只愿长相守 提交于 2020-03-23 05:42:22

问题


I recently asked a question about determining whether an iterator points to a complex value at compile time and received an answer that works.

The question is here: How can I specialize an algorithm for iterators that point to complex values?

And the solution was a set of templates that determine whether one template is a specialization of another:

template <class T, template <class...> class Template>
struct is_specialization : std::false_type {};

template <template <class...> class Template, class... Args>
struct is_specialization<Template<Args...>, Template> : std::true_type {};

This does work, but I am really struggling to understand how this works. Particularly the nested template within a template is confusing to me.
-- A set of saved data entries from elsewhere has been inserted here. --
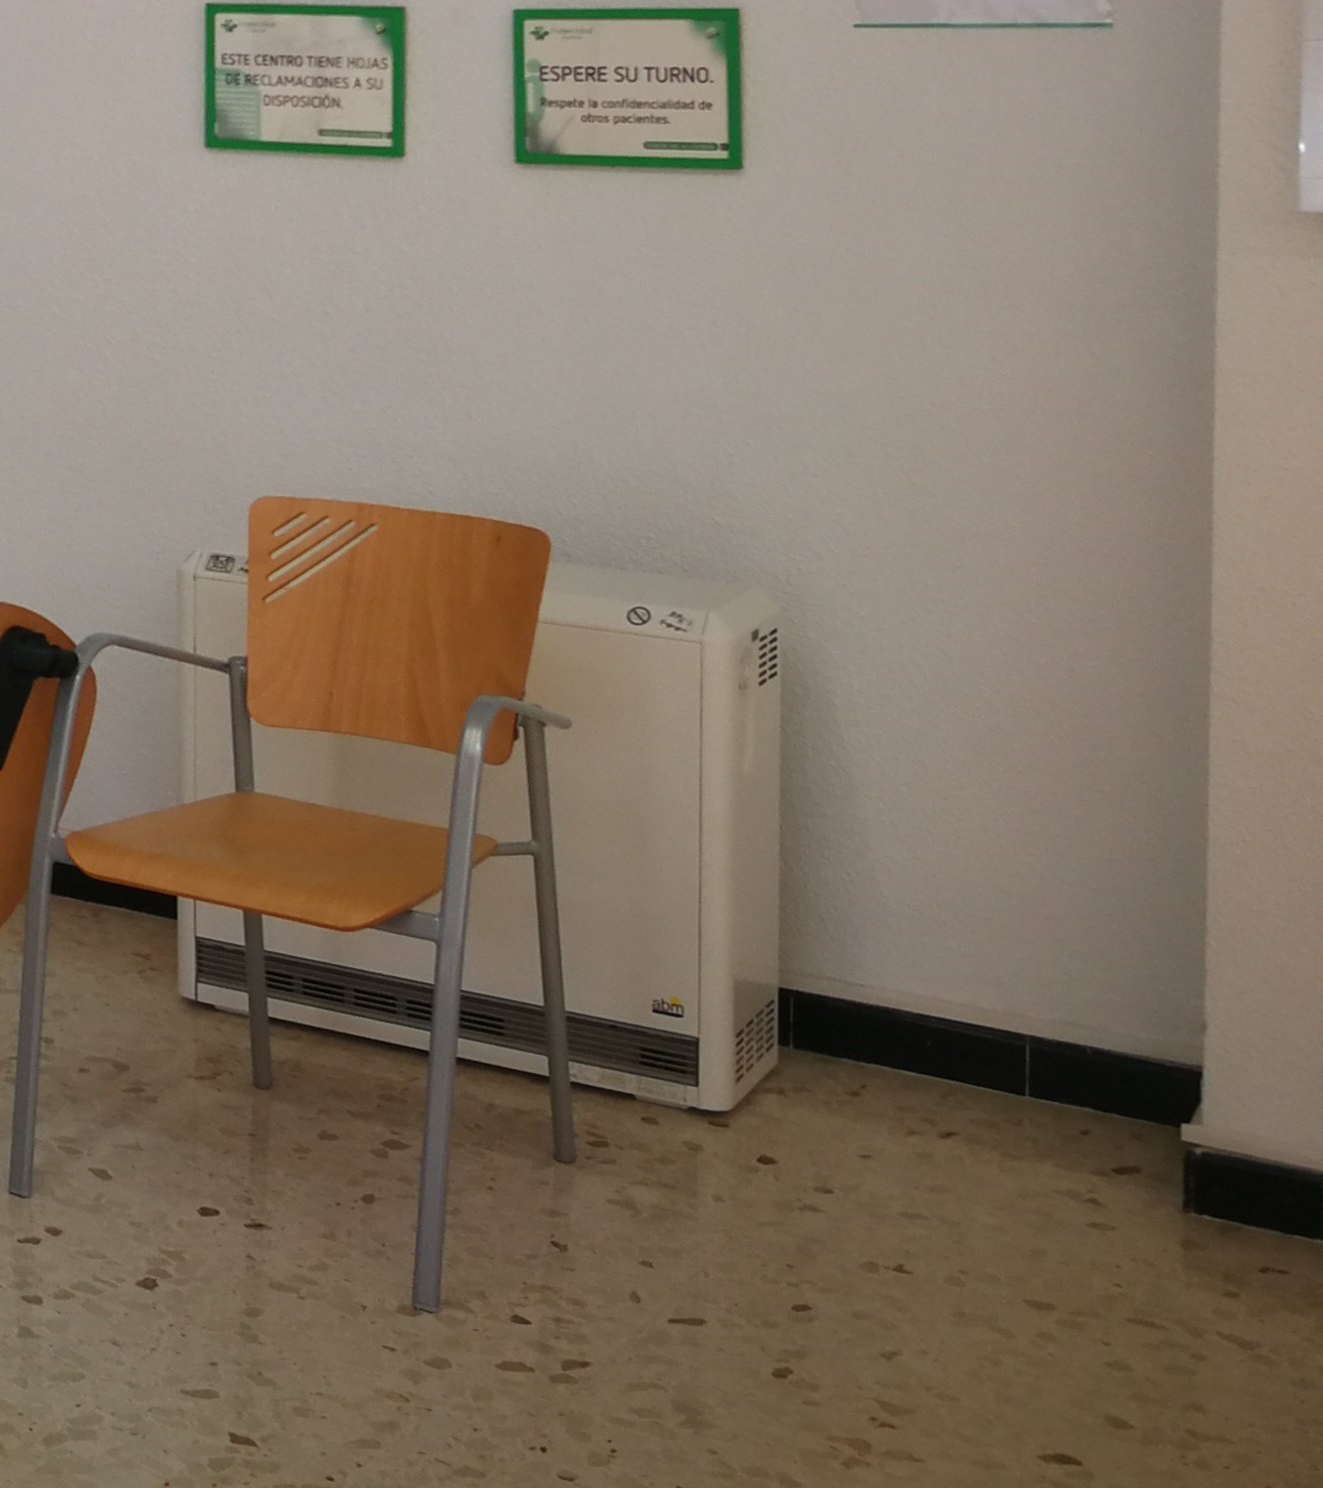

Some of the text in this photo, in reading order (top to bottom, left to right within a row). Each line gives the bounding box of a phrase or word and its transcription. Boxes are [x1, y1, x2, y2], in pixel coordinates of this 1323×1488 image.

[220, 53, 389, 71] ESTE CENTRO TIENE HOJAS
[225, 72, 384, 90] DE RECLAMACIONES A SU
[539, 65, 715, 84] ESPERE SU TURNO.
[539, 97, 714, 111] Respete la confidencialidad de
[580, 113, 671, 125] otros pacientes.
[652, 998, 684, 1015] abm
I'm also still fairly new to using variadic templates and it seems odd to have a variadic template with no type provided, for example: <class...> instead of something like this <class... Args>.

Can someone please break down this template and describe how it gets resolved?


回答1:


You have to take in count that there are three types of template parameters:

1) types

2) non-types (or values)

3) template-templates

The first type is preceded by typename (or class)

template <typename T>
void foo (T const & t);

In the preceding example, T is a type and t (a classical function argument) is a value of type T.
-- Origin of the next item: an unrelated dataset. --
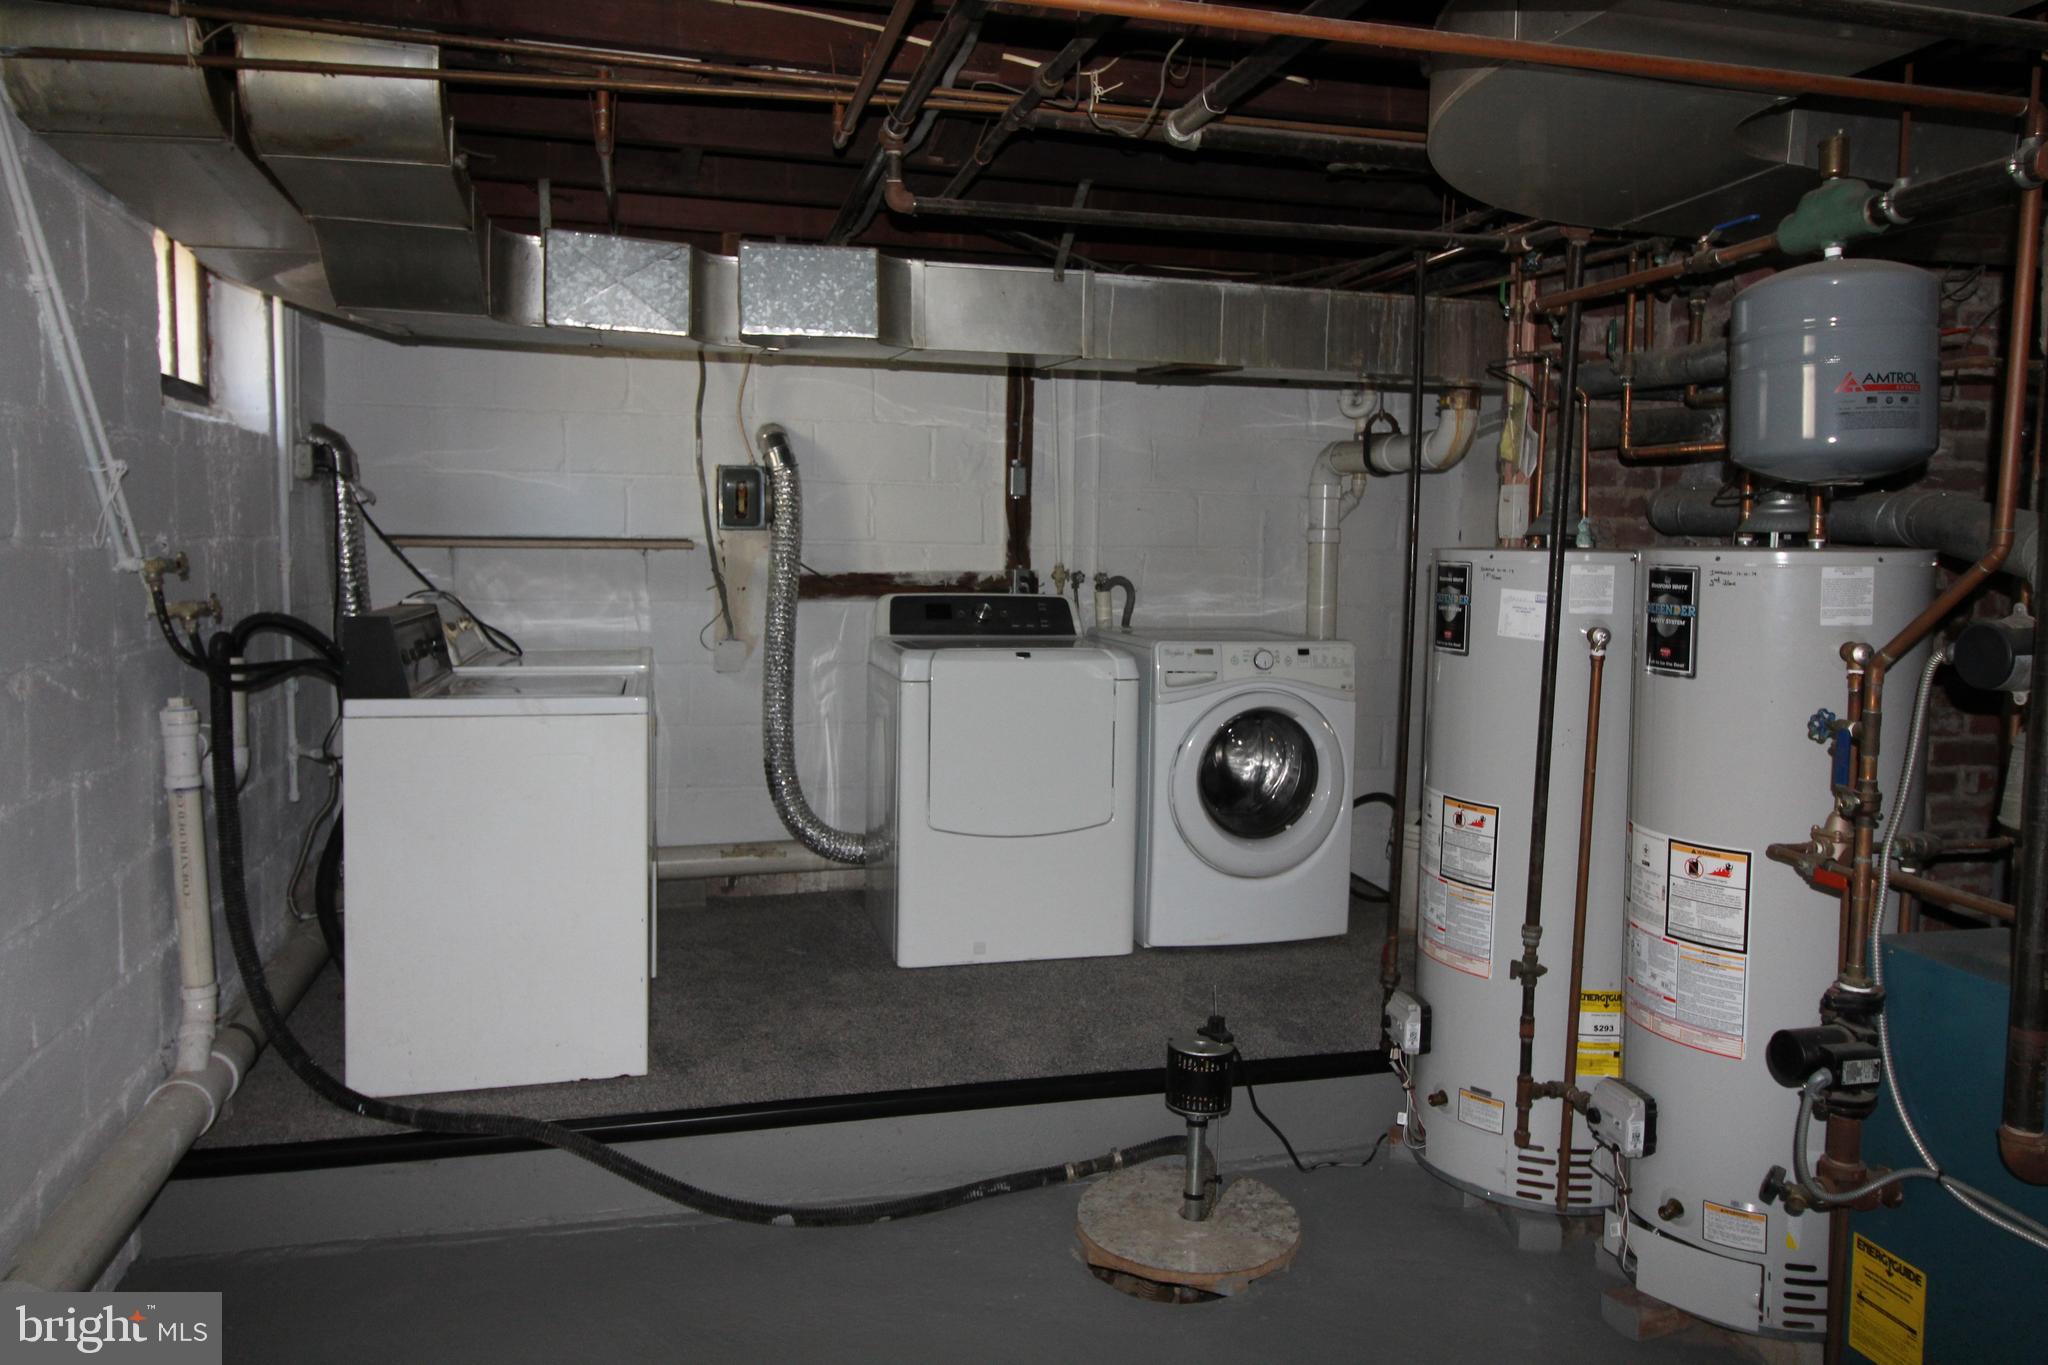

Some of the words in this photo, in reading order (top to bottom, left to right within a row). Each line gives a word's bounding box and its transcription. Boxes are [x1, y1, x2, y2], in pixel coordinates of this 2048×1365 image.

[1863, 372, 1919, 384] AMTROL
[1647, 602, 1696, 618] DEFENDER
[1593, 1024, 1615, 1032] $293
[1856, 1237, 1923, 1288] ENERGYGUIDE
The second type of template parameter are values and are preceded by the type of the value (or auto, starting from C++17, for a not specified type)

template <int I>
void bar ()
 { std::cout << I << std::endl; }

In the preceding example the I template parameter is a value of type int.

The third type is the most complex to explain.

Do you know (I suppose) that std::vector<int> and std::vector<double> are different types, but they have in common std::vector, a template class.

A template-template parameter is a parameter that accept std::vector, the template class without arguments.

A template-template parameter is preceded by a template keyword, as in the following example

template <template <int> class C>
void baz ();

The template-template parameter C in the preceding example is class (or struct) that require a single int (value) template parameter.

So if you have a class

template <int I>
class getInt
 { };

you can pass getInt, as template parameter, to baz()

baz<getInt>();

Now you should be able to understand your code:

template <class T, template <class...> class Template>
struct is_specialization : std::false_type {};

the is_specialization struct is a template struct that receive, as template parameters, a type (T) and a template-template Template that accept classes/structs receiving a variadic number of type template parameters.

Now you have a specialization of is_specialization:

template <template <class...> class Template, class... Args>
struct is_specialization<Template<Args...>, Template> : std::true_type {};

This specialization is selected when the first template parameter (Template<Args...>) is a class based on the second (Template).

An example: if you instantiate

is_specialization<std::vector<int>, std::map>

the main version (that inherit from std::false_type) is selected because std::vector<int> isn't based on std::map.

But if you instantiate

is_specialization<std::vector<int>, std::vector>

the specialization (that inherit from std::true_type) is selected because std::vector<int> is based on std::vector.